**EXERCISE OBJECTIVE**: Since the copy must hold text only, transcribe the data below exactly and omit the images.

____ INPUT

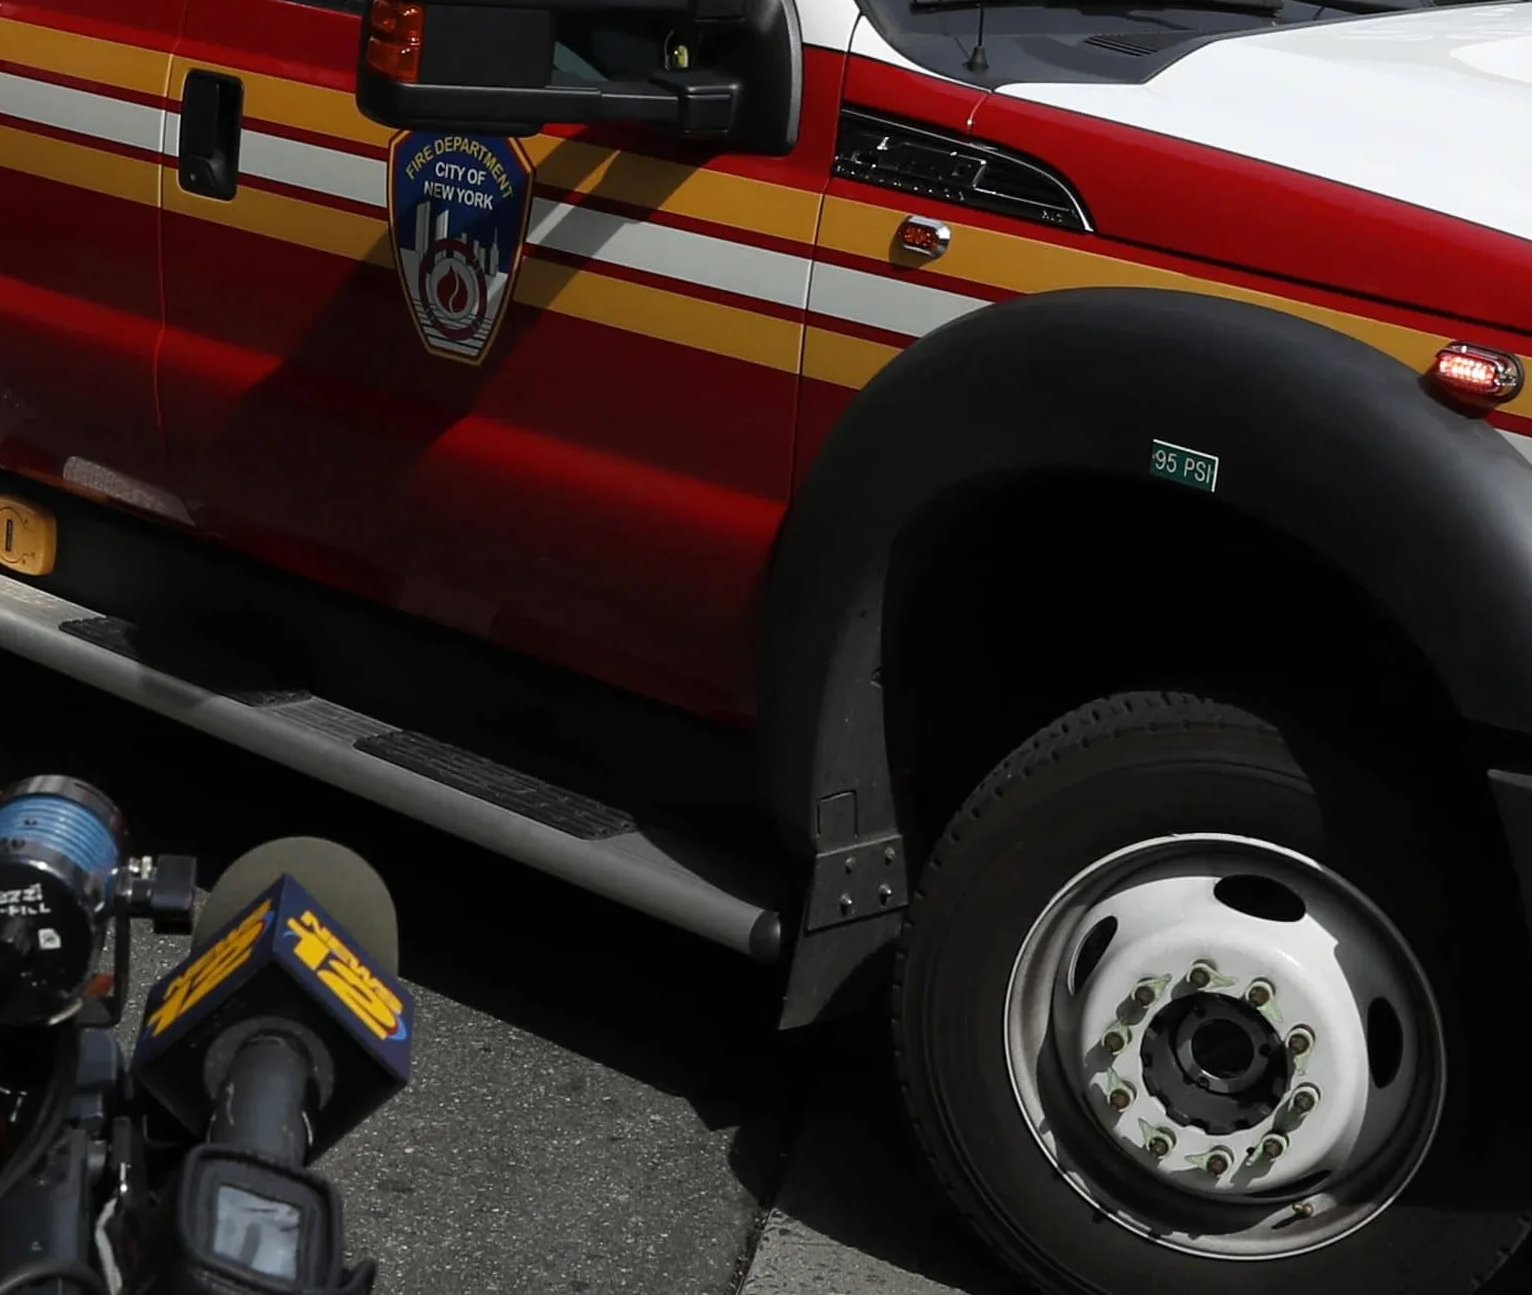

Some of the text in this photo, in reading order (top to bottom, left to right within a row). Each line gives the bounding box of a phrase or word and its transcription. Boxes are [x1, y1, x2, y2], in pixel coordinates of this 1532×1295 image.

[405, 136, 515, 199] FIRE DEPARTMENT
[434, 160, 488, 185] CITY OF
[423, 181, 494, 211] NEW YORK
[1154, 449, 1212, 485] 95 PSI
[286, 917, 398, 1041] 12
[299, 909, 404, 1014] NEWS
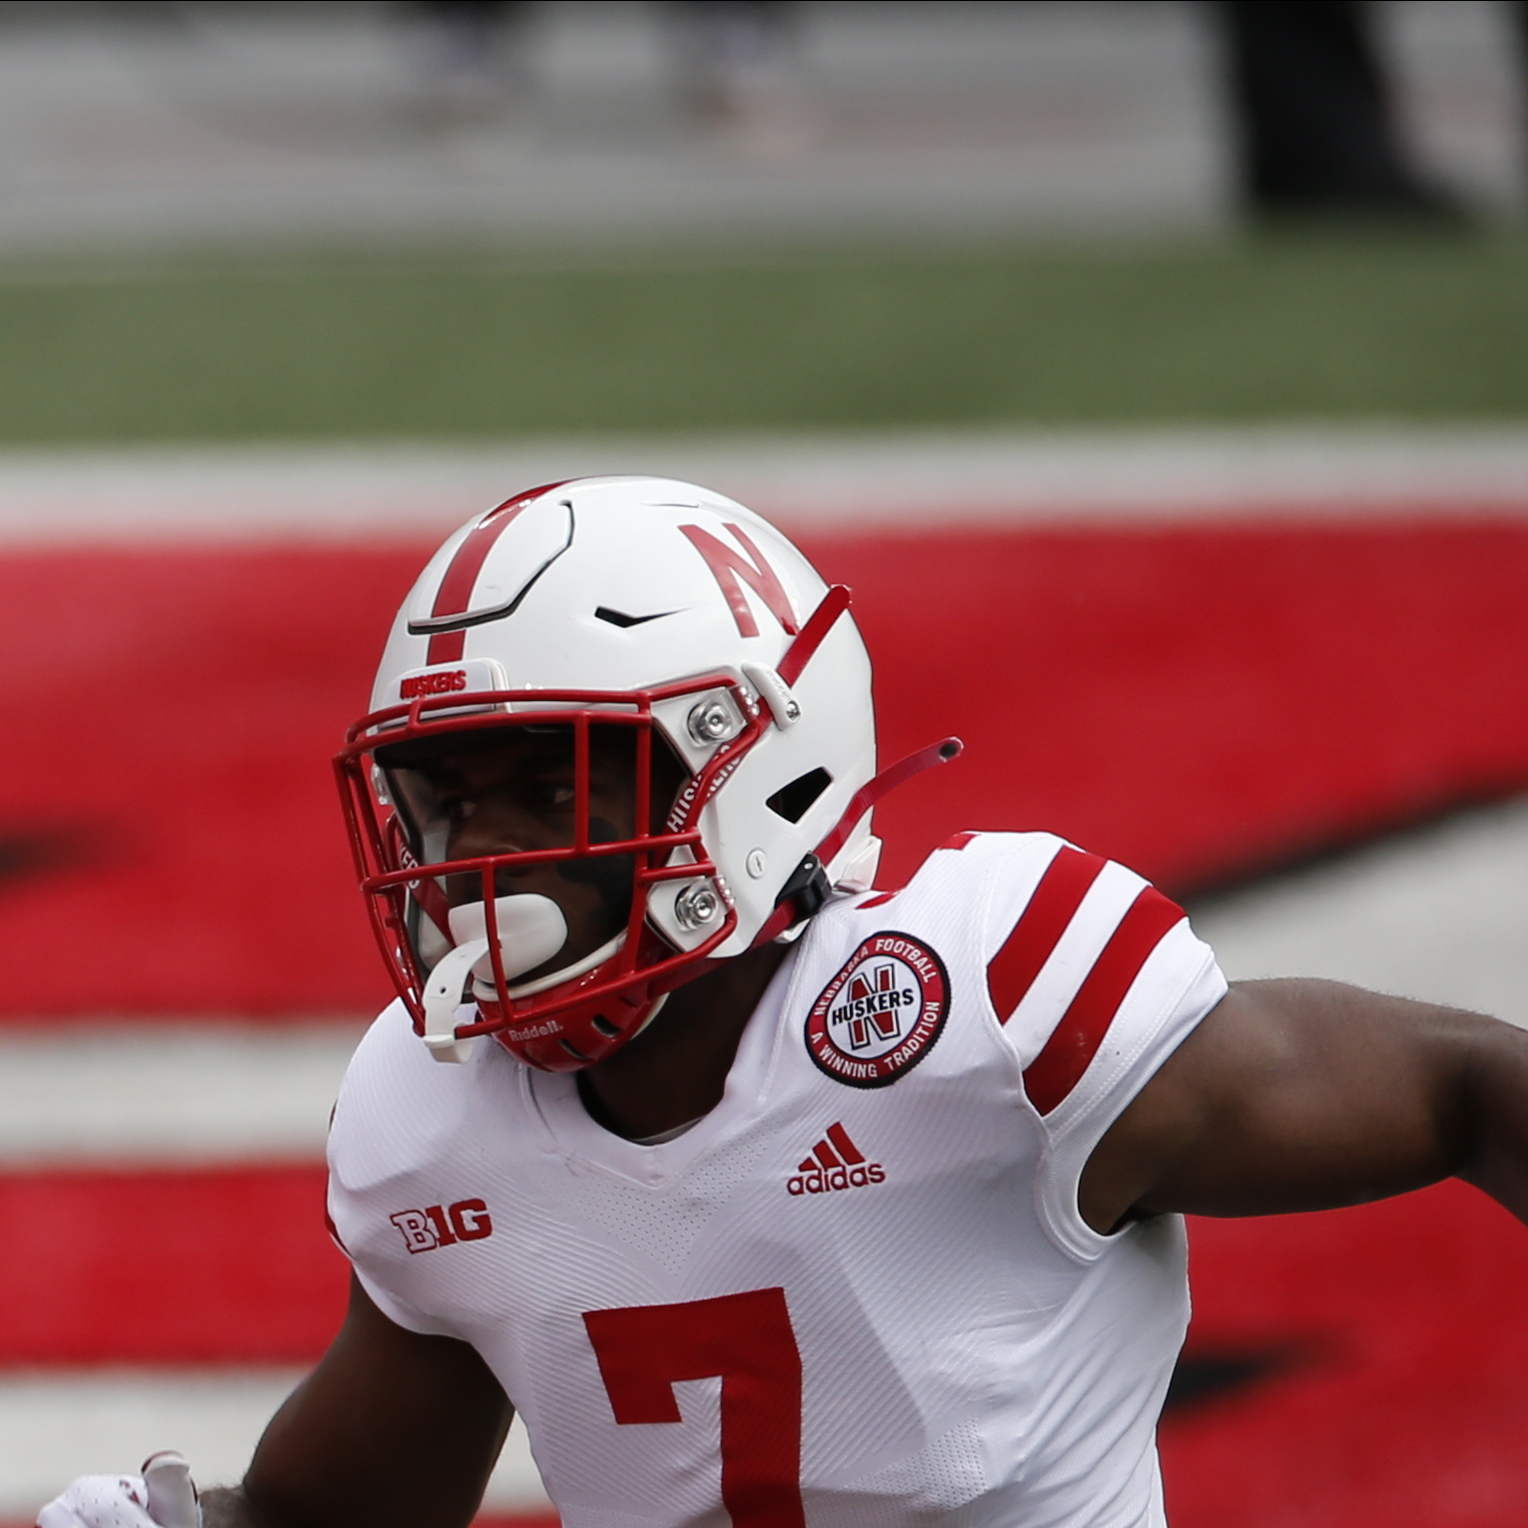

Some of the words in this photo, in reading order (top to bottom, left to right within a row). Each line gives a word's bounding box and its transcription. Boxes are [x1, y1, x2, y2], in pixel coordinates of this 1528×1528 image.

________

**EXERCISE SOLUTION**:
Some of the text in this photo, in reading order (top to bottom, left to right within a row). Each line gives the bounding box of a phrase or word and its transcription. Boxes are [x1, y1, x2, y2], in pixel coordinates of this 1532×1295 image.

[405, 136, 515, 199] FIRE DEPARTMENT
[434, 160, 488, 185] CITY OF
[423, 181, 494, 211] NEW YORK
[1154, 449, 1212, 485] 95 PSI
[286, 917, 398, 1041] 12
[299, 909, 404, 1014] NEWS

Some of the words in this photo, in reading order (top to bottom, left to right within a row). Each line gives a word's bounding box and its transcription. Boxes are [x1, y1, x2, y2], in pixel coordinates of this 1528×1528 image.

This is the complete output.